# Tomorrow Is The Big Day! Pdi



## Sexy Momma (Apr 18, 2005)

Well, after what seems like FOREVER, we finally get to bring our '06 28RSDS home tomorrow!









We've scheduled PDI for 10:00 am, so that gives us plenty of time to practice backing and manuevering in an empty parking lot before rush hour traffic.

Of course Nana is coming over to watch our kids, so we can do PDI in relative peace and quiet - THANK GOD!









It's all we've been talking about for the last few weeks, so I'm sure when we pull up with our new Outback, our kids and the neighbors will gather around for the complete tour. (I sure hope it doesn't rain tomorrow - I'm hoping for a little sunshine sunny )

Anyway, I'll give a full report after we get her home. Thanks to all of you for the super advice, suggestions, and guidance! You're all awesome!

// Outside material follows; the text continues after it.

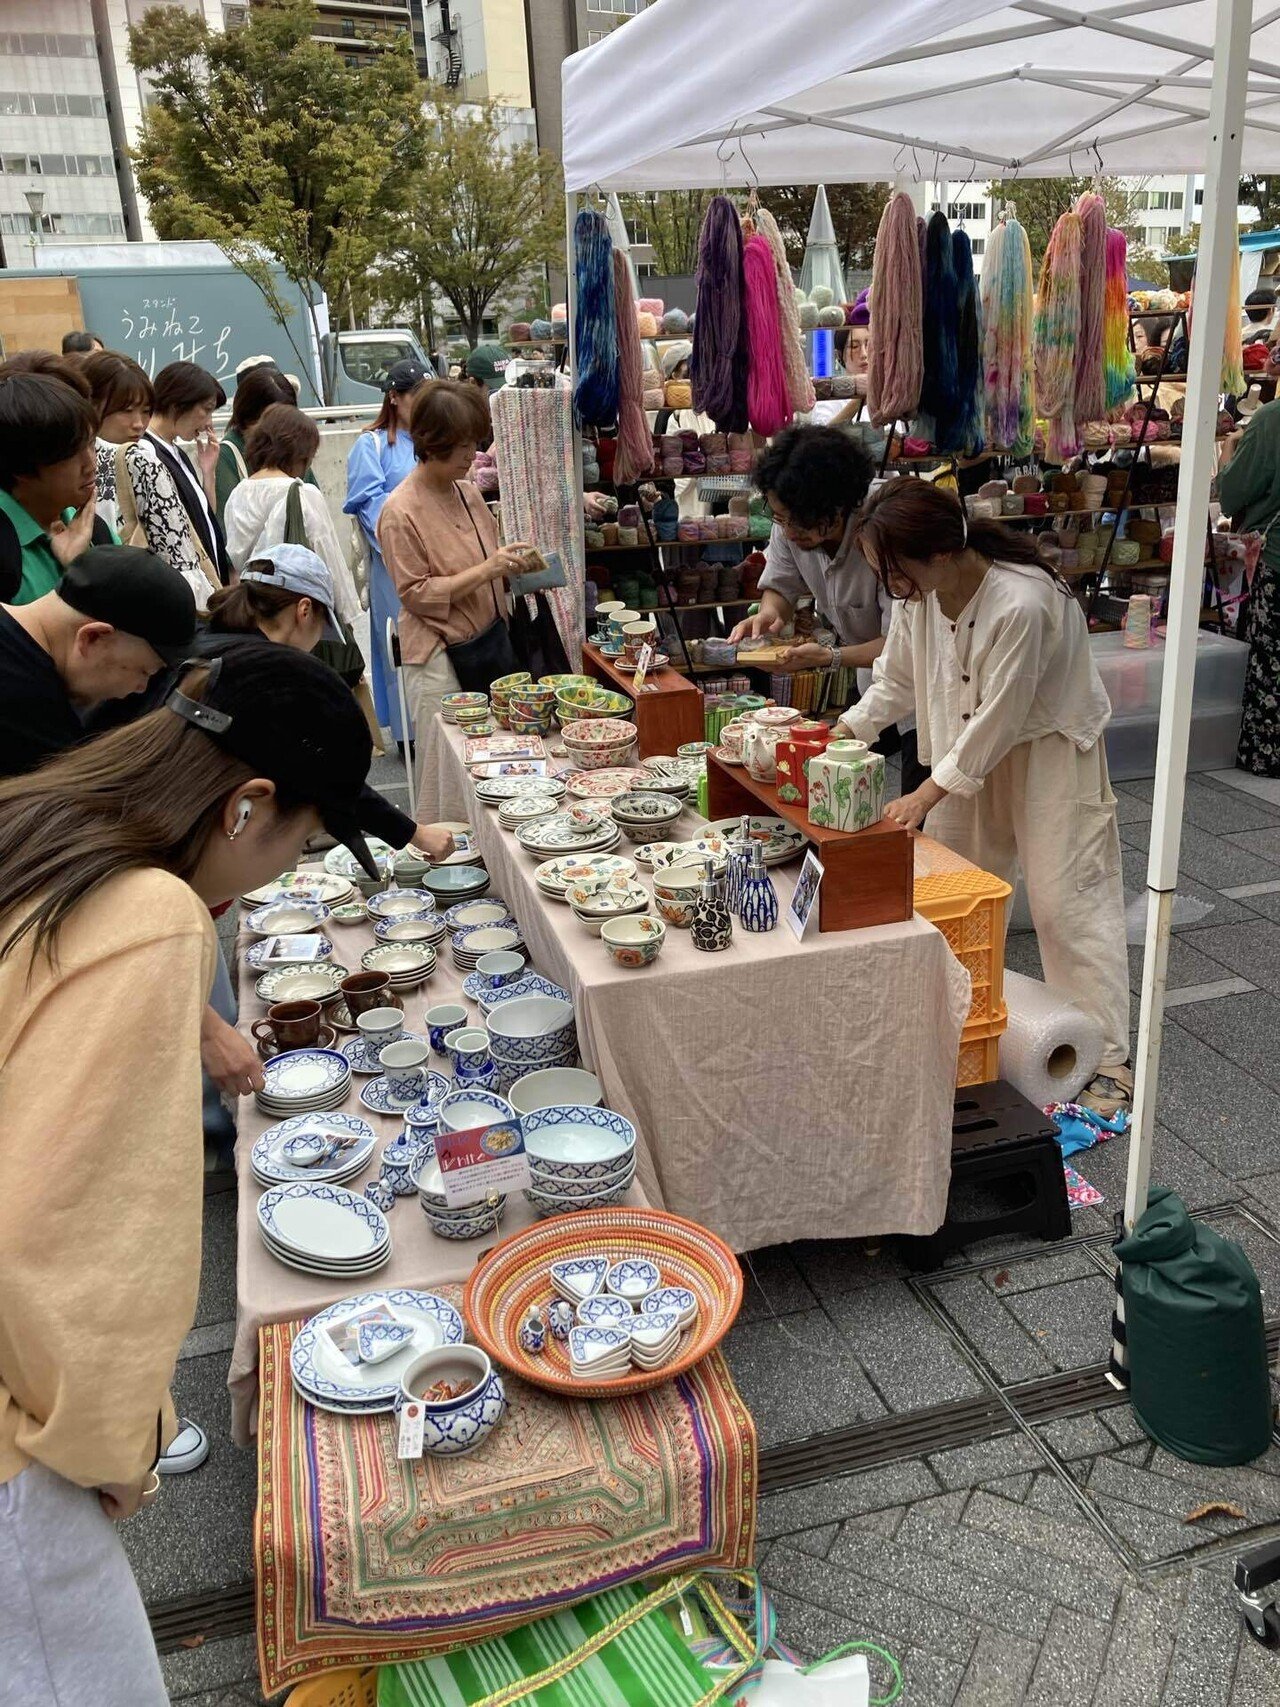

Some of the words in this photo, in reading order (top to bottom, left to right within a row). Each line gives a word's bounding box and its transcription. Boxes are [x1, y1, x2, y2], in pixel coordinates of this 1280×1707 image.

Also, if anyone has any last minute advice, we'll gladly take it.







action


----------



## mswalt (Sep 14, 2004)

Momma,

Congrats!! I know you've been waiting a long time for this. BUT, take your time on the PDI..don't be in a rush to get it out on the road. Make sure everything works and you're comfortable with it.

Have a great day!!









Mark


----------



## Ghosty (Jan 17, 2005)

Just whatever you do -- do not rush your PDI -- cuase the one thing you miss is the one thing that will somehow not function correctly...

Just rememeber -- if it slides -- slide it

if it has a switch -- flip it...

if it suppose to get hot -- make it hot

if it suppose to get cold, etc etc

The smartest thing my wife has ever done (besides marrying me of course







) is to bring the Sony CamCorder and filmed everything the service guy was saying and showing ... I also think that since he was on film he did everything a little better for some reason...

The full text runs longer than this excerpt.